◆ Required action
Repeat nothing but the line containing "this 1504×1500 image." and the lines that follow it, up to and including the last line of the data below.
*** Materials provided ***
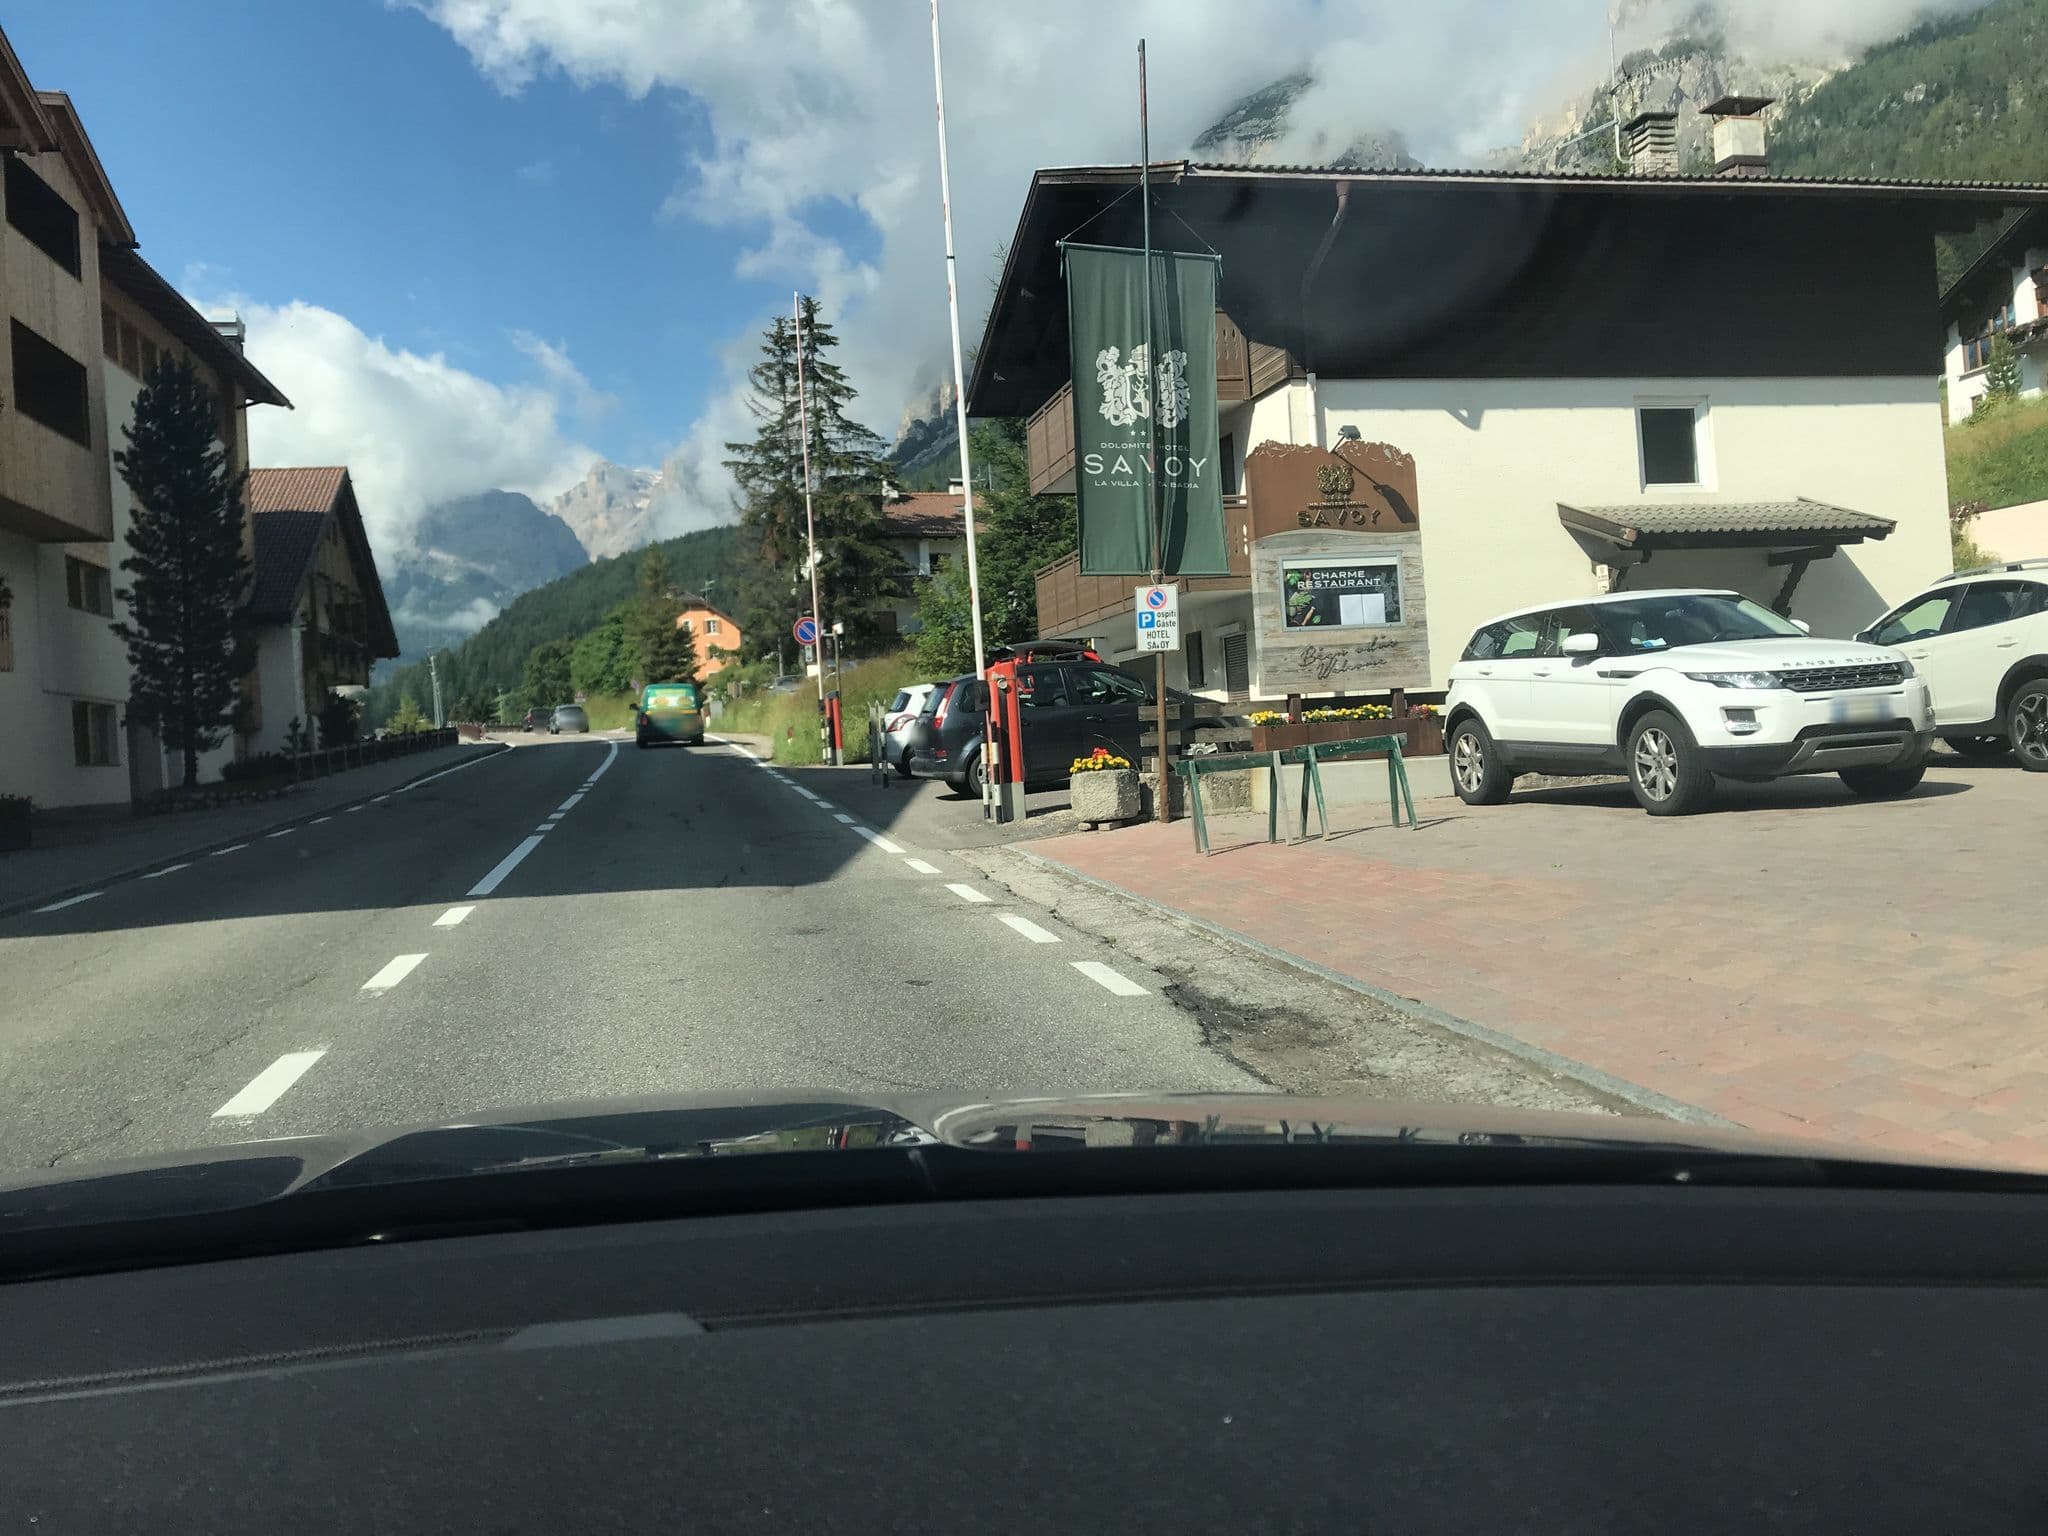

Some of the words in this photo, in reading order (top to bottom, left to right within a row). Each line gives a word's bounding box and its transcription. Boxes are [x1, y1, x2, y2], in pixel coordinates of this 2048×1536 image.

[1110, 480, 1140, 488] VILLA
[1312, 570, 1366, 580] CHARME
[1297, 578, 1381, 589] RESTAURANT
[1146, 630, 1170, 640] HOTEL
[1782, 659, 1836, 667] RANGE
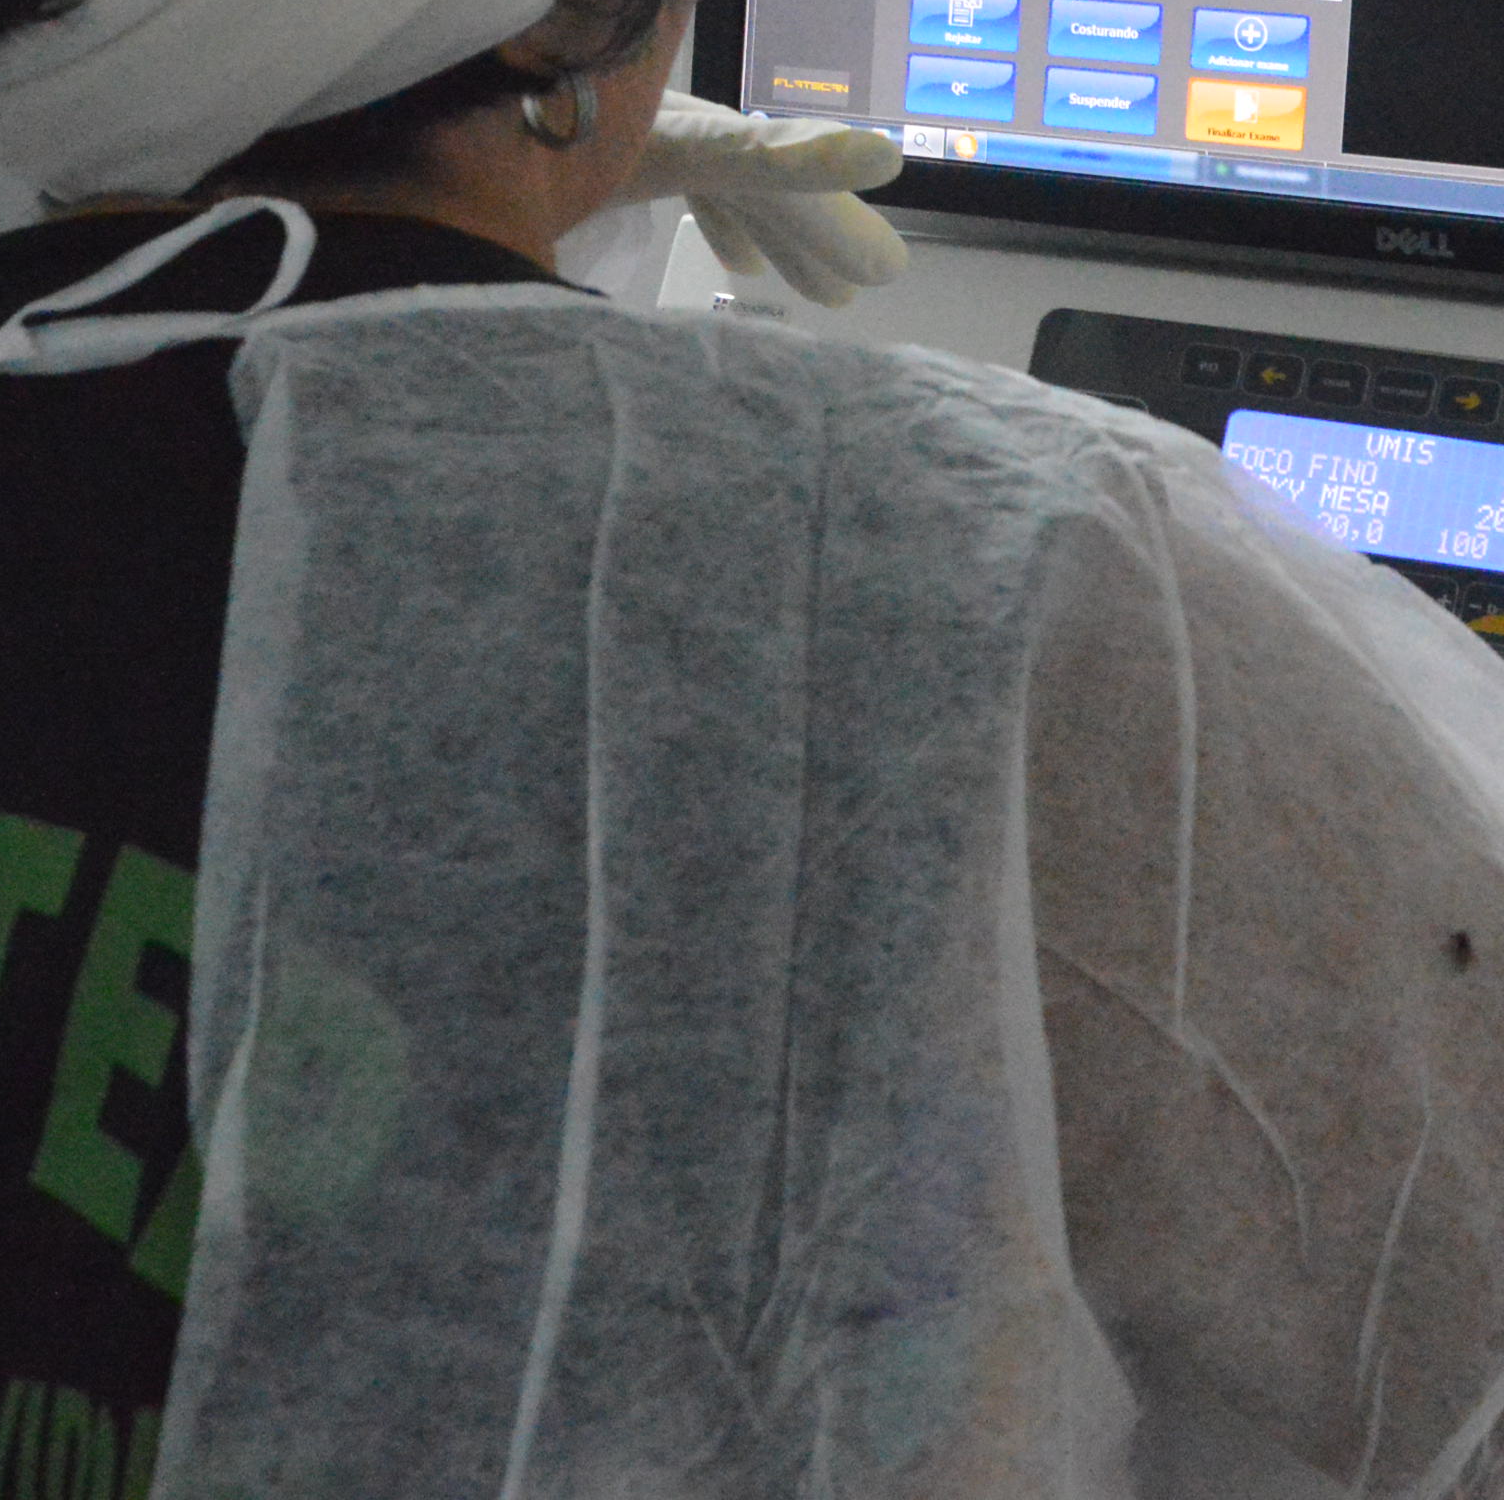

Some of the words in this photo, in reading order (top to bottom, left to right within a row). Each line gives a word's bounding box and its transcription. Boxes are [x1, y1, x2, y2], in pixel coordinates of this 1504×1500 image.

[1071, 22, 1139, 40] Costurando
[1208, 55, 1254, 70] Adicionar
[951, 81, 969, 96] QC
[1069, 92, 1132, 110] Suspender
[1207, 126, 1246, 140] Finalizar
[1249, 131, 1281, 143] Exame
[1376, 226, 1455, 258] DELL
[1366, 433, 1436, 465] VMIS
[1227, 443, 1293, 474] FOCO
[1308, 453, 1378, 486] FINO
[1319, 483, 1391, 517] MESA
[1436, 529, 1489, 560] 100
*** End of Materials provided ***
◆ Expected answer
Some of the words in this photo, in reading order (top to bottom, left to right within a row). Each line gives a word's bounding box and its transcription. Boxes are [x1, y1, x2, y2], in pixel coordinates of this 1504×1500 image.

[1071, 22, 1139, 40] Costurando
[1208, 55, 1254, 70] Adicionar
[951, 81, 969, 96] QC
[1069, 92, 1132, 110] Suspender
[1207, 126, 1246, 140] Finalizar
[1249, 131, 1281, 143] Exame
[1376, 226, 1455, 258] DELL
[1366, 433, 1436, 465] VMIS
[1227, 443, 1293, 474] FOCO
[1308, 453, 1378, 486] FINO
[1319, 483, 1391, 517] MESA
[1436, 529, 1489, 560] 100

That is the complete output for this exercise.